DATA RECORDS:
=== Section Start ===

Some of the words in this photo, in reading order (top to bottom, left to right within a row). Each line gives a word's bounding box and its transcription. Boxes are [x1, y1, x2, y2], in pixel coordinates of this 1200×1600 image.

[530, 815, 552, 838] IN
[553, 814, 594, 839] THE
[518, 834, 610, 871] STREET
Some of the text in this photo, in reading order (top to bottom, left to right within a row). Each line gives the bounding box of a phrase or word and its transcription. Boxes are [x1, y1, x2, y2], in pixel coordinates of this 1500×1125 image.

=== Section End ===
=== Section Start ===

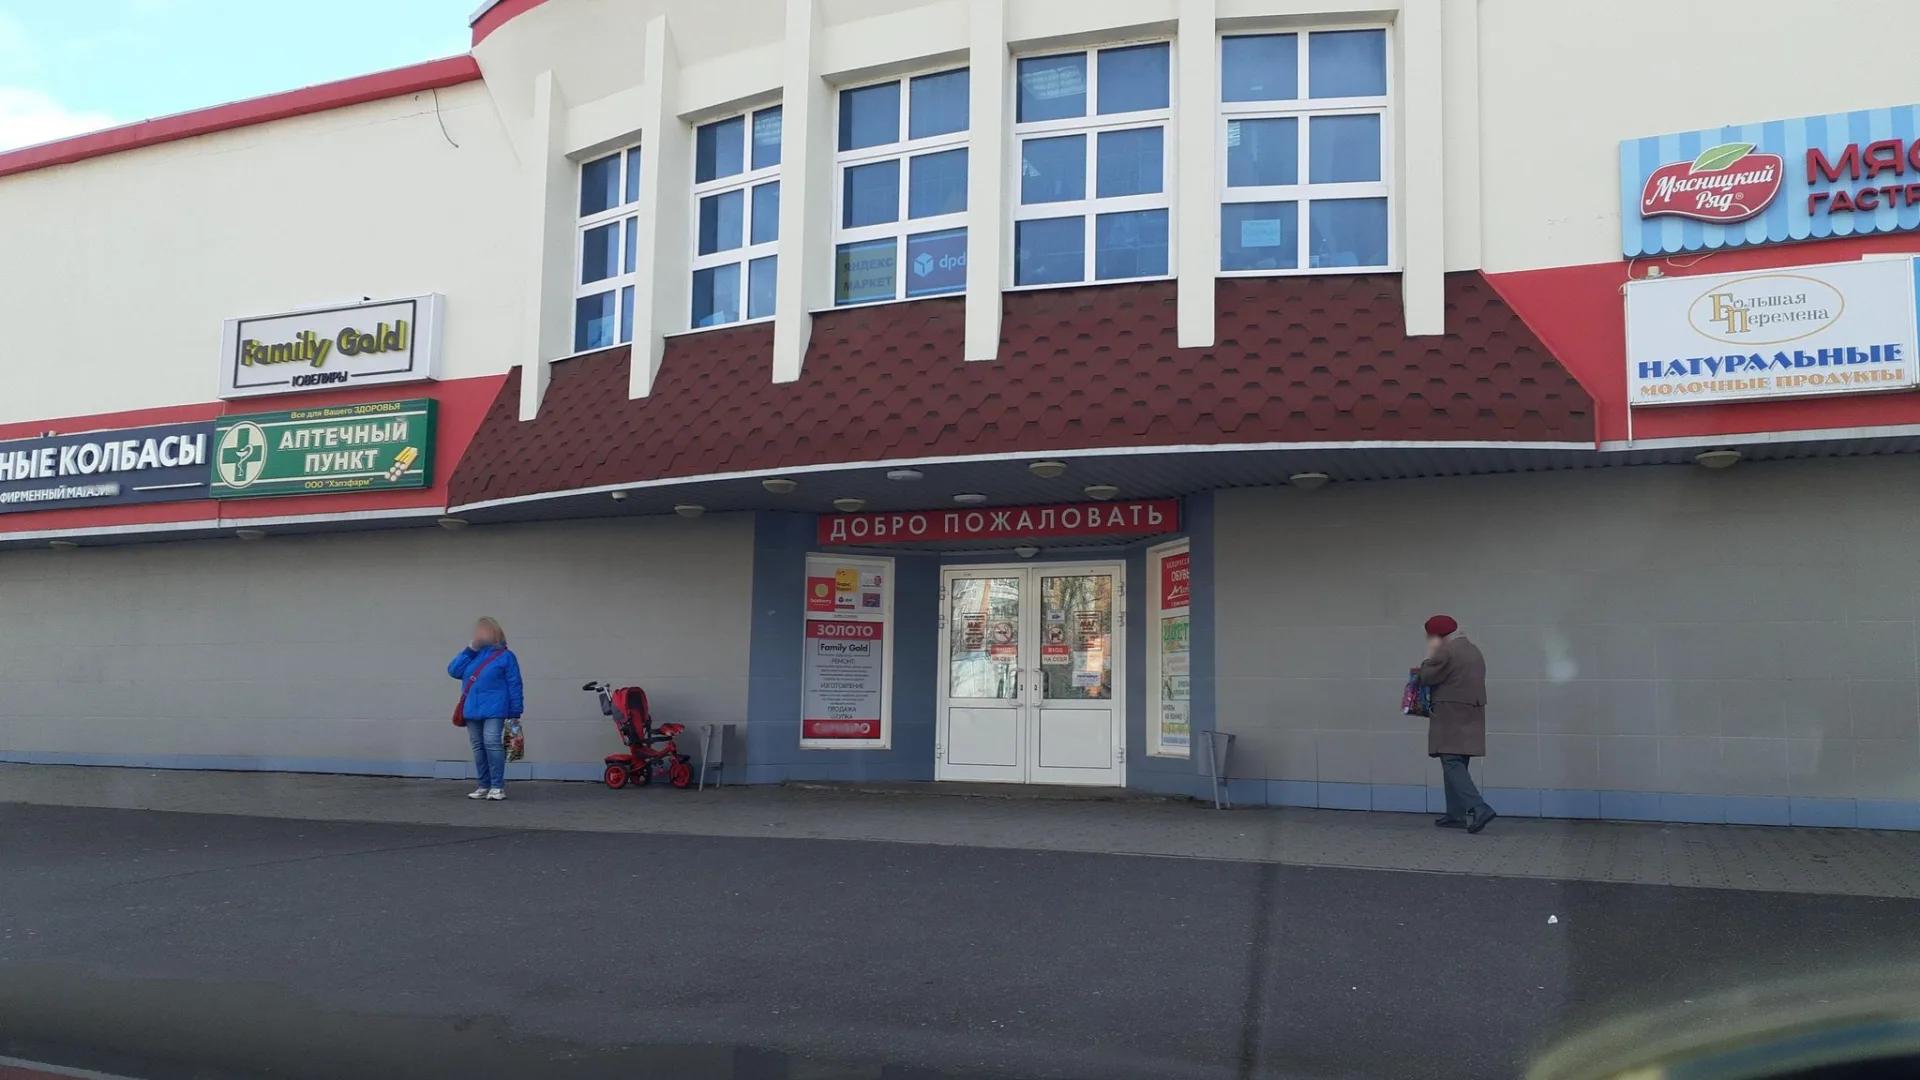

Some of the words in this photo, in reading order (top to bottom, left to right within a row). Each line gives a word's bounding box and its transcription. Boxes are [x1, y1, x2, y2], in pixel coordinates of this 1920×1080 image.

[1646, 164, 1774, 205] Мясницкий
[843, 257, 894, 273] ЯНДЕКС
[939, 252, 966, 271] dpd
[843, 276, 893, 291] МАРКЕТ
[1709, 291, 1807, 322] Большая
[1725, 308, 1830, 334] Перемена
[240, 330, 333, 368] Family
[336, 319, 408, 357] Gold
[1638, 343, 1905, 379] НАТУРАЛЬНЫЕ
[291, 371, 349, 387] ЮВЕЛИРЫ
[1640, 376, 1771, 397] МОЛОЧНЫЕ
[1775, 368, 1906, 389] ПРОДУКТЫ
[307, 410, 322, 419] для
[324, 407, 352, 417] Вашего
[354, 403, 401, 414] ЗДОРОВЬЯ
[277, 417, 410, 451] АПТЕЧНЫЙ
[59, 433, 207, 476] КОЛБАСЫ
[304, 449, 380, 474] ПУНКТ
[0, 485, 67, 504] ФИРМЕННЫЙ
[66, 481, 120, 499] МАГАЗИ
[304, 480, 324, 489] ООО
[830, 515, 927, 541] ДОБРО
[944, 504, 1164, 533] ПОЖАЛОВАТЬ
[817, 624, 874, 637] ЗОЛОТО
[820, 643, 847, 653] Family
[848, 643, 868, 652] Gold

=== Section End ===
=== Section Start ===

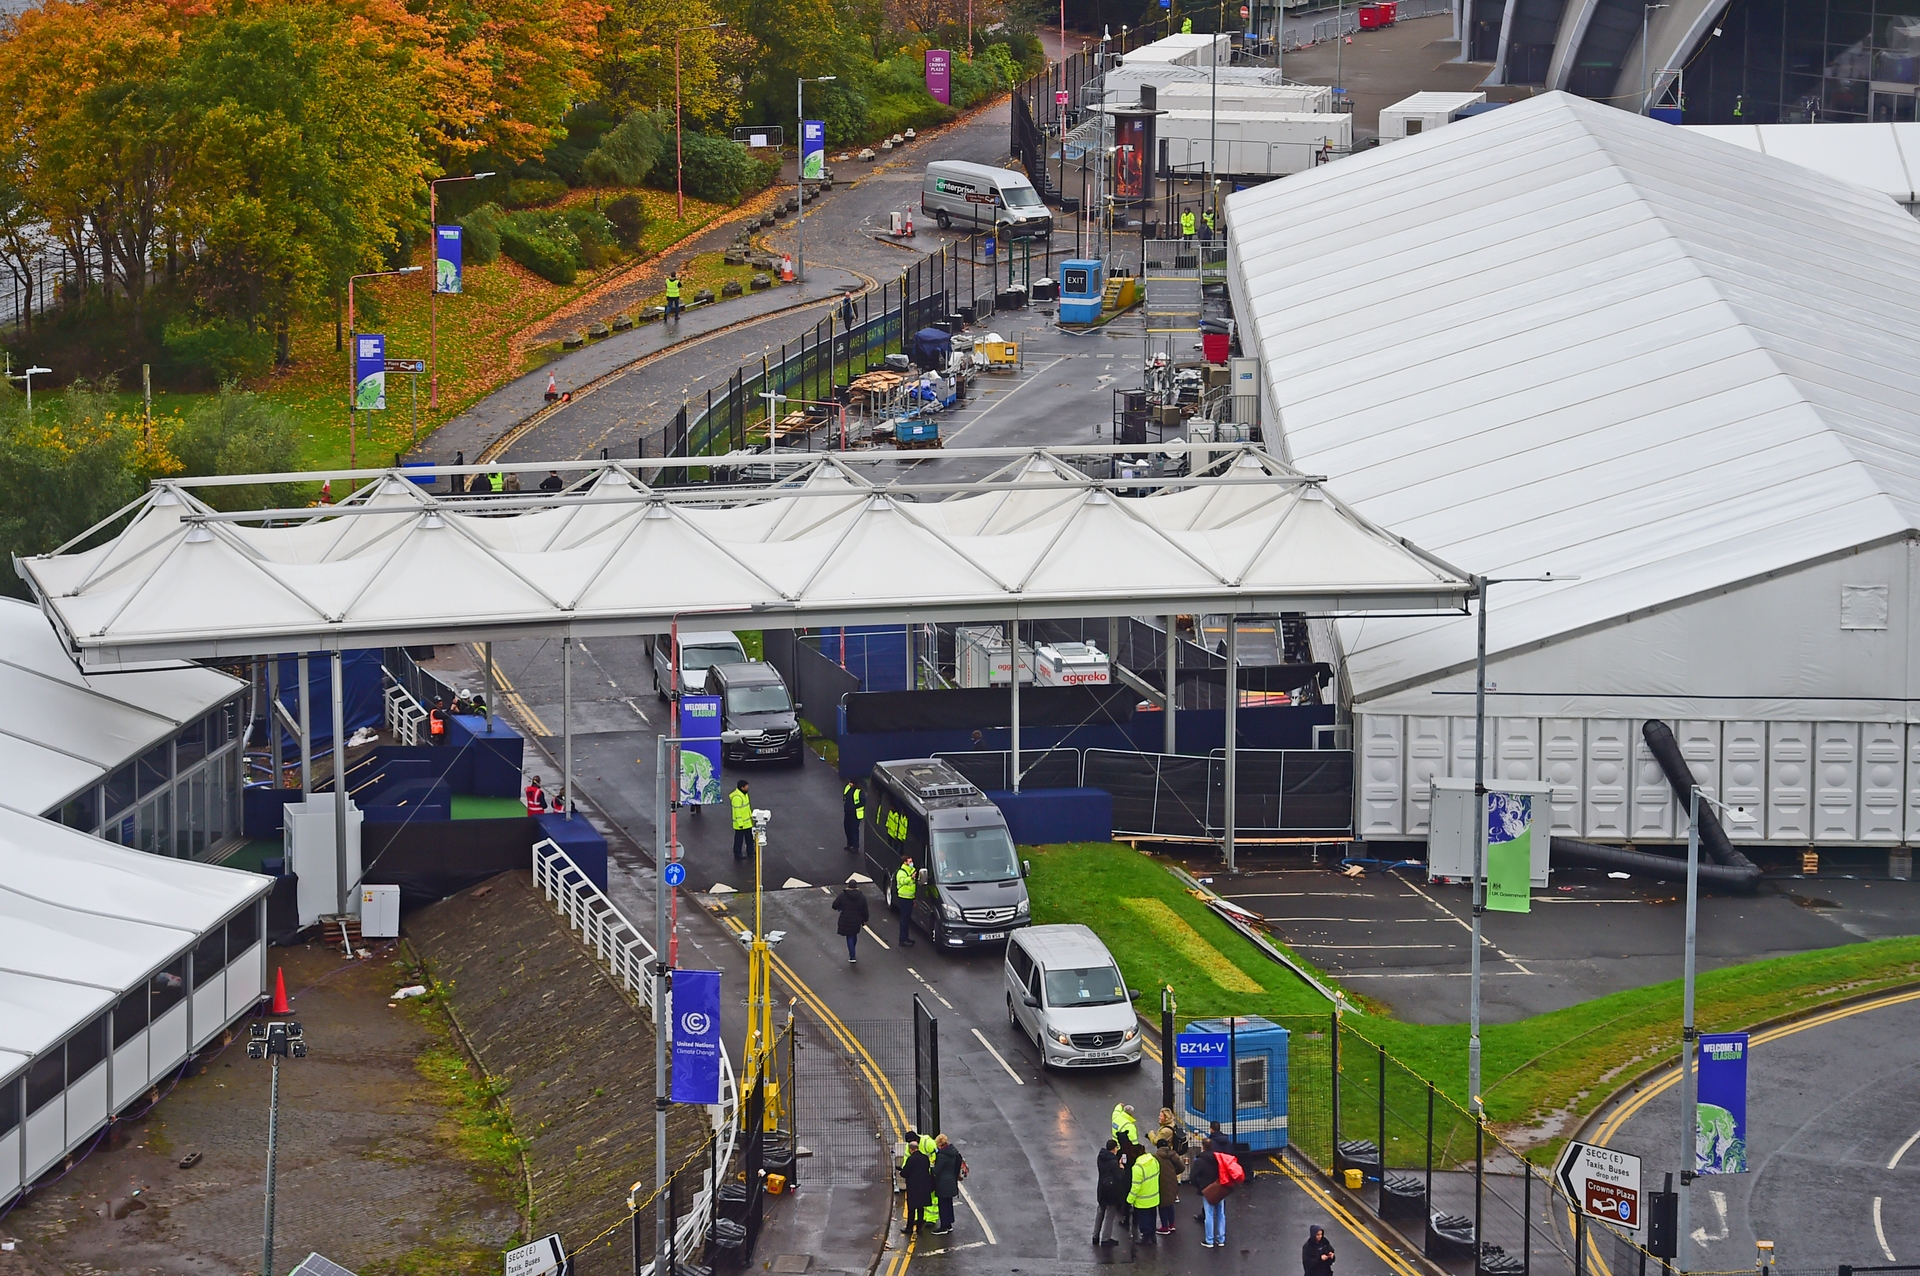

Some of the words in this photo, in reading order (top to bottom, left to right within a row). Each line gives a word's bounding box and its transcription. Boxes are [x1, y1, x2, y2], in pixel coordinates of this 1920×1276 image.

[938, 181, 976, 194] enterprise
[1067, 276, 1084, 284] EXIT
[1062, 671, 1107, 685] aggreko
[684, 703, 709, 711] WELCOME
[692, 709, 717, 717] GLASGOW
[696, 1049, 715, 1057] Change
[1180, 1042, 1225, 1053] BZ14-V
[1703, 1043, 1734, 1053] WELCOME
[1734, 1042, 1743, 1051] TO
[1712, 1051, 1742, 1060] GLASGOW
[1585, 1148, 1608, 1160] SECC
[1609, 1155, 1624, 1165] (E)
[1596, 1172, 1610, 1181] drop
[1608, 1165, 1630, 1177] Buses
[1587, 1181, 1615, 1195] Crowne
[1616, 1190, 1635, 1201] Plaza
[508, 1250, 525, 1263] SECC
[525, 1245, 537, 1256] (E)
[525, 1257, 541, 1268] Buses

=== Section End ===

YOUR GOAL: Within the material above, output exactly the lines from the one with "this 1200×1600 image." through the one with "Some of the text", end lines included, and nothing besides.

PROBLEM SOLUTION:
Some of the words in this photo, in reading order (top to bottom, left to right within a row). Each line gives a word's bounding box and its transcription. Boxes are [x1, y1, x2, y2], in pixel coordinates of this 1200×1600 image.

[530, 815, 552, 838] IN
[553, 814, 594, 839] THE
[518, 834, 610, 871] STREET
Some of the text in this photo, in reading order (top to bottom, left to right within a row). Each line gives the bounding box of a phrase or word and its transcription. Boxes are [x1, y1, x2, y2], in pixel coordinates of this 1500×1125 image.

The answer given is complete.